Listed records ->
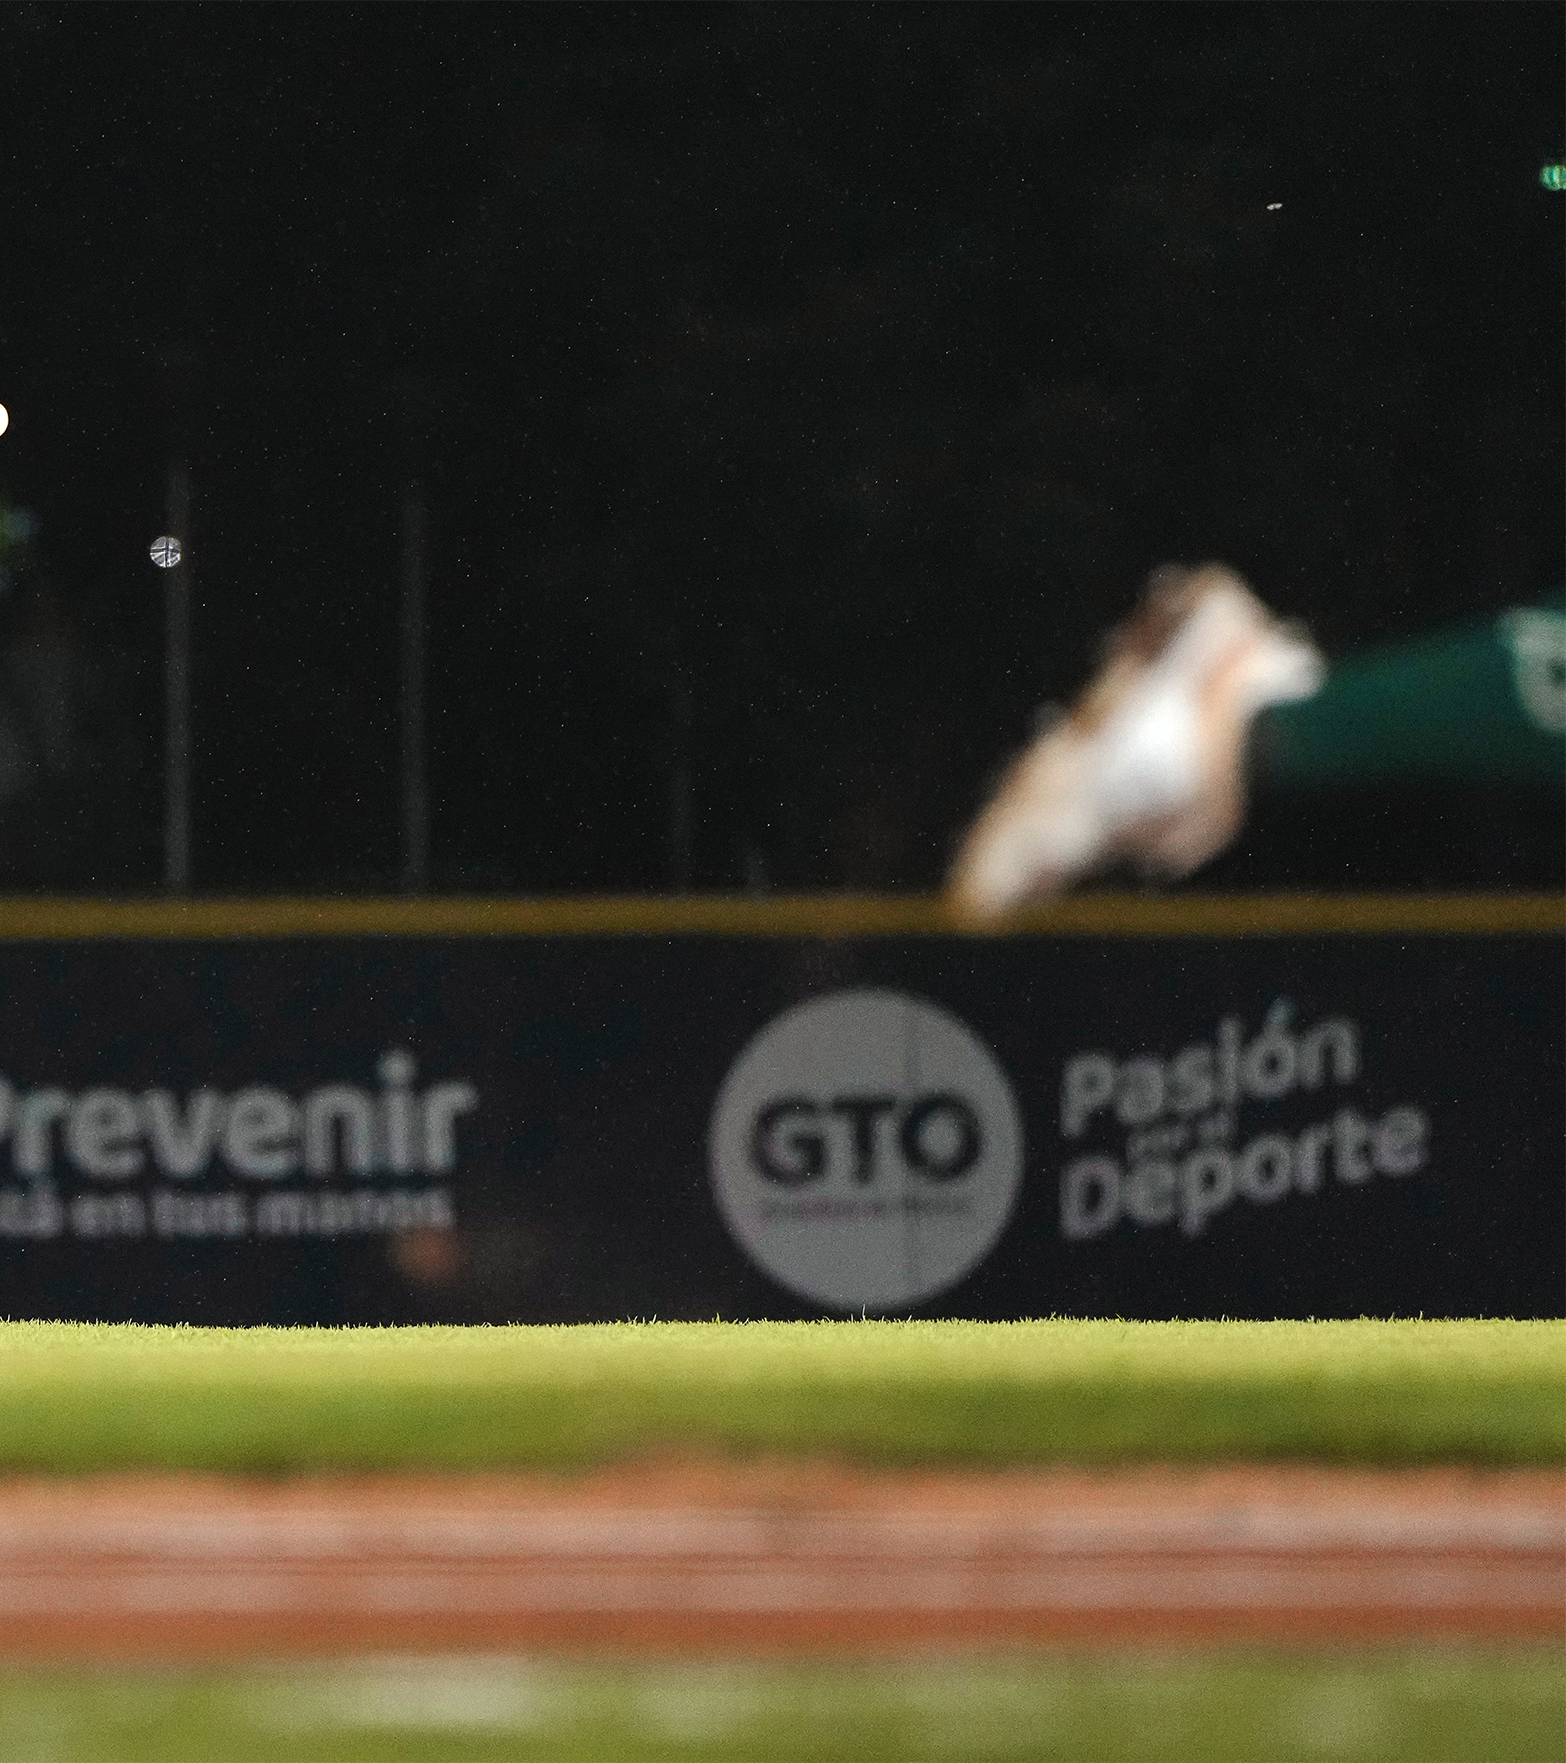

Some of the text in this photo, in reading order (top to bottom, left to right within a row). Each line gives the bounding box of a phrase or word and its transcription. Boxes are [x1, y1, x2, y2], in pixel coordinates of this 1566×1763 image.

==

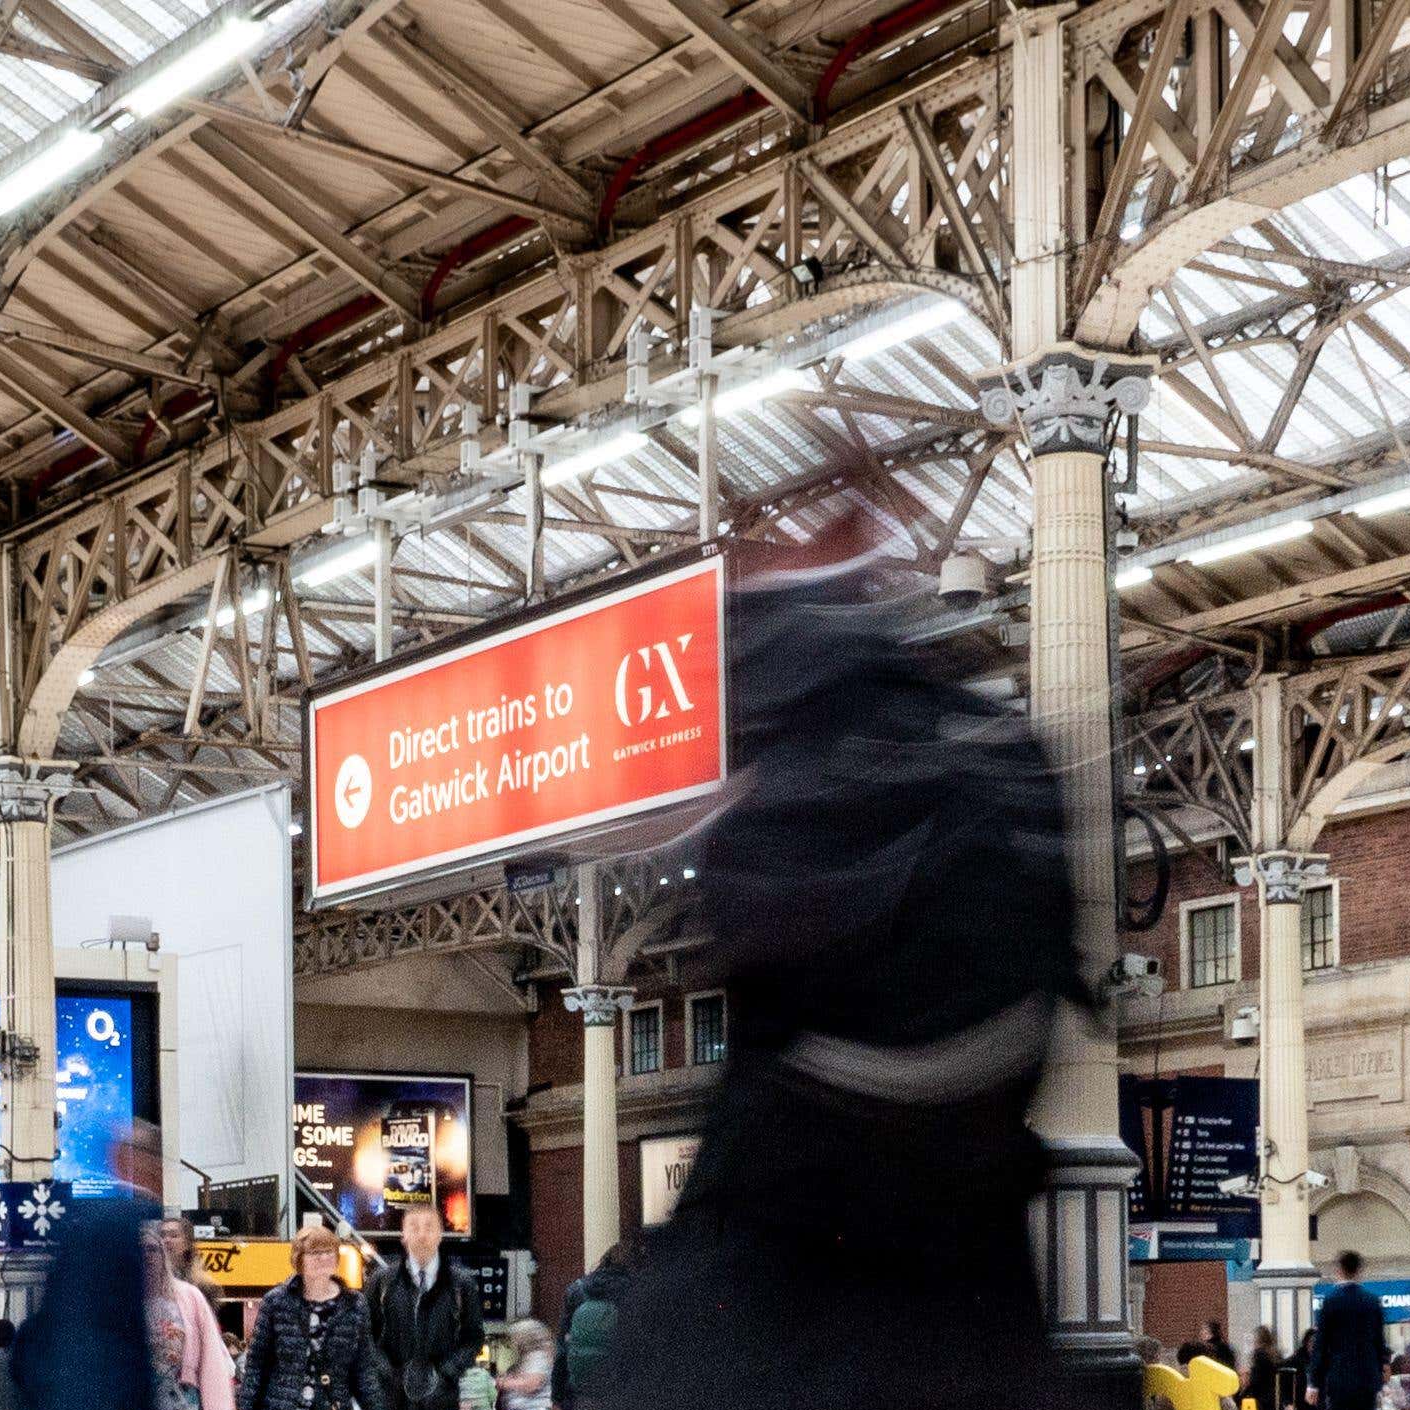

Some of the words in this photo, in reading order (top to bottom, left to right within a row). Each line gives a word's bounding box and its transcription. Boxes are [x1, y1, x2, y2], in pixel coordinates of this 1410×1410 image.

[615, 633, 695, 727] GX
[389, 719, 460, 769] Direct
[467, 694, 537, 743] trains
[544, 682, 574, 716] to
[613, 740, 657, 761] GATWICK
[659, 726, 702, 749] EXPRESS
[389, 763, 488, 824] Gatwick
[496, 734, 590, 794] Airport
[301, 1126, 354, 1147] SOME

* * *

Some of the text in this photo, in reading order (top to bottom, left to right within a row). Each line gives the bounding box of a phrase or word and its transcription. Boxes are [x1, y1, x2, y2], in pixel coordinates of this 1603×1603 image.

Task prompt -> Copy each line of the data above that holds "phrase".

Your solution ->
Some of the text in this photo, in reading order (top to bottom, left to right within a row). Each line gives the bounding box of a phrase or word and its transcription. Boxes are [x1, y1, x2, y2], in pixel coordinates of this 1566×1763 image.
Some of the text in this photo, in reading order (top to bottom, left to right within a row). Each line gives the bounding box of a phrase or word and its transcription. Boxes are [x1, y1, x2, y2], in pixel coordinates of this 1603×1603 image.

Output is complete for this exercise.